Presentation Information

[11p-B11-7]Self-aligned heterogeneous quantum photonic integration

Kinfung Ngan1, Yeeun Choi2, Chun-Chieh Chang3, 〇DONGYEON KANG2, Shuo Sun1 (1.University of Colorado Boulder, USA, 2.KIST, Korea, 3.Los Alamos National Laboratory, USA)

Keywords:

Quantum memory,Photonic crystal,Hybrid Integration

Introduction
Scaling quantum communication, quantum networks, and photonic quantum information processing requires low-loss circuits that generate, control, and detect single photons on chip.

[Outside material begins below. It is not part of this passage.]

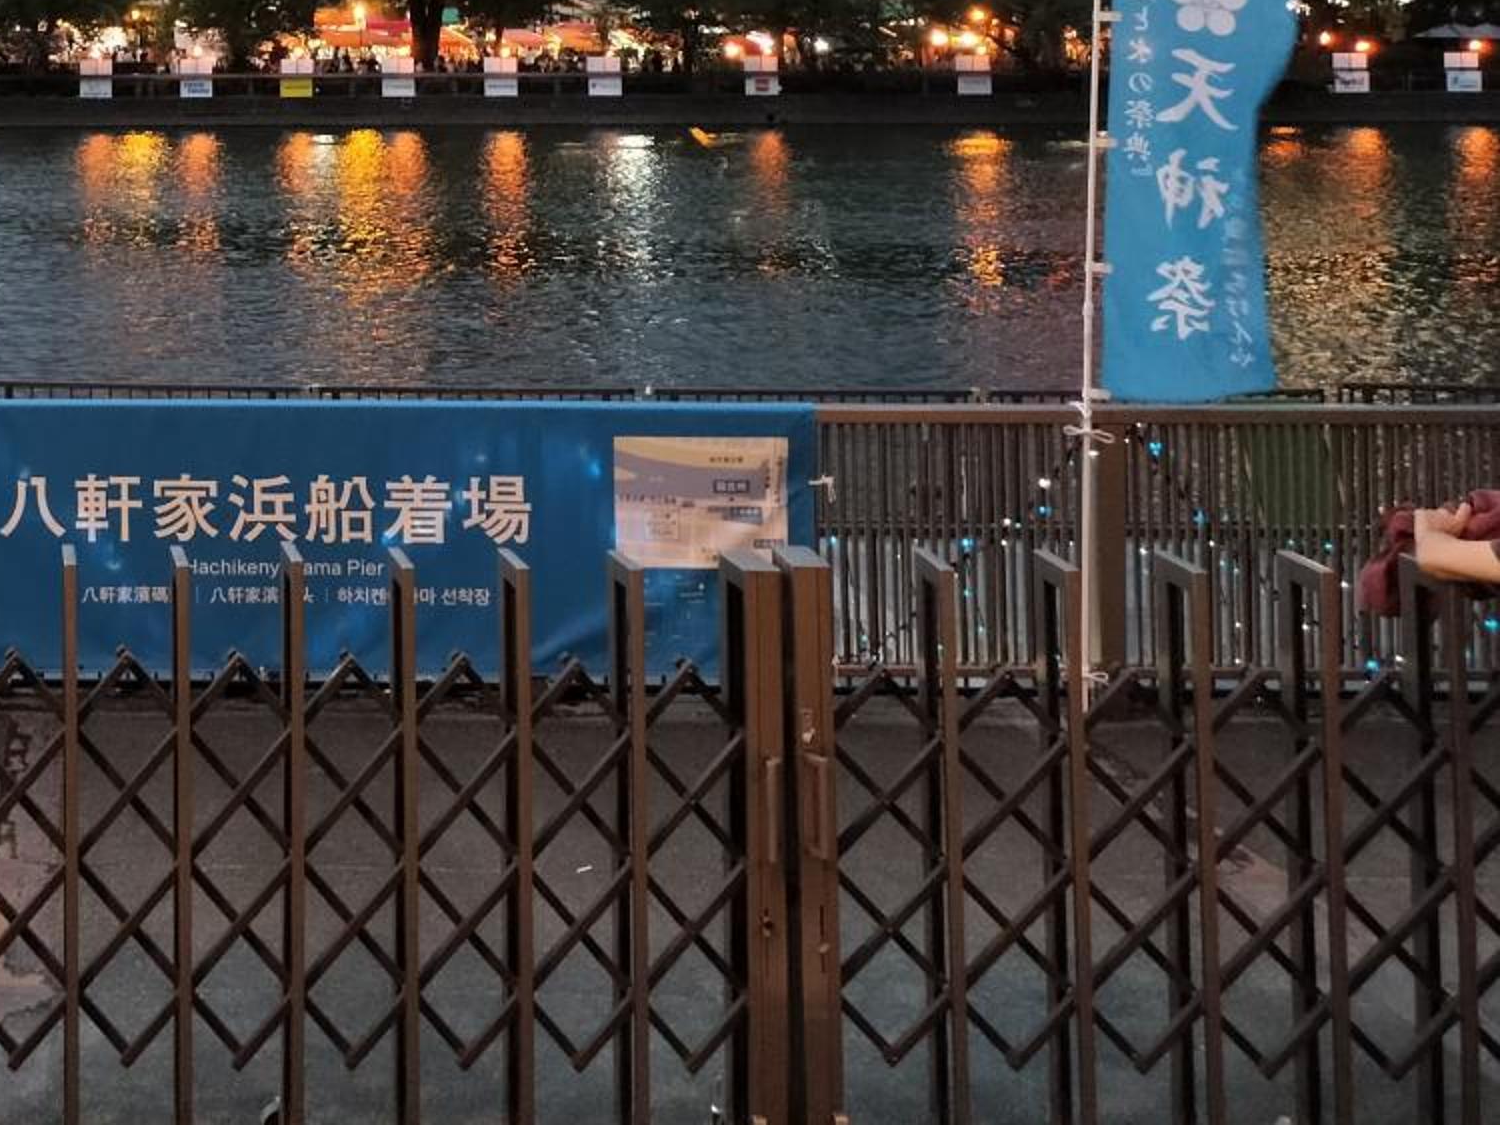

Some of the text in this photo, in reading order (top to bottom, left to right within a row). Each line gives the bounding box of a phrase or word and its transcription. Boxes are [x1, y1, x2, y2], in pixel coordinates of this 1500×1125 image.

[0, 474, 533, 544] 八軒家浜船着場
[188, 558, 385, 578] Hachikenyama Pier
[82, 586, 172, 604] 八軒家濱碼
[441, 586, 490, 607] 선착장

Group-IV color centers in diamond are promising spin-photon interfaces, but large-scale diamond photonic circuits remain difficult to fabricate. Heterogeneous integration with mature thin-film materials such as Si, SiN, LiNbO3, and TiO2 is therefore essential. Conventional methods suffer from scattering, dB-level insertion loss, alignment errors, and material restrictions.Method
We propose a self-aligned heterogeneous integration method. An inverse photonic circuit pattern is formed in electron-beam resist on SiO2, and a single-crystal diamond nanobeam is inserted into a funnel-shaped slot. The slot geometry constrains lateral and angular motion, enabling self-aligned positioning. TiO2 is then conformally deposited, etched back, and the resist is removed, embedding the nanobeam in the TiO2 circuit.Results
Nanobeam insertion succeeded for 31 device slots, and crack-protected devices survived later processing. The diamond and TiO2 interface showed well-matched modes near 737 nm, with calculated insertion loss below 0.8 percent and measured free-space scattering loss below 1.3 percent. A diamond and TiO2 fishbone photonic crystal cavity reached Q = 4600. When tuned to a SiV zero-phonon line, emission increased by 6.1 times and lifetime shortened from 1.78 ns to 1.08 ns, indicating Purcell enhancement with FP = 3.7. Optical linewidths remained comparable to bulk diamond, with spin initialization fidelity of 0.72 and T1 of 130 ns. An inverse-designed extractor was predicted to reach 84 percent collection efficiency.Conclusion
This approach enables low-loss integration of solid-state quantum emitters with thin-film photonics, supporting scalable quantum networks and integrated quantum light sources.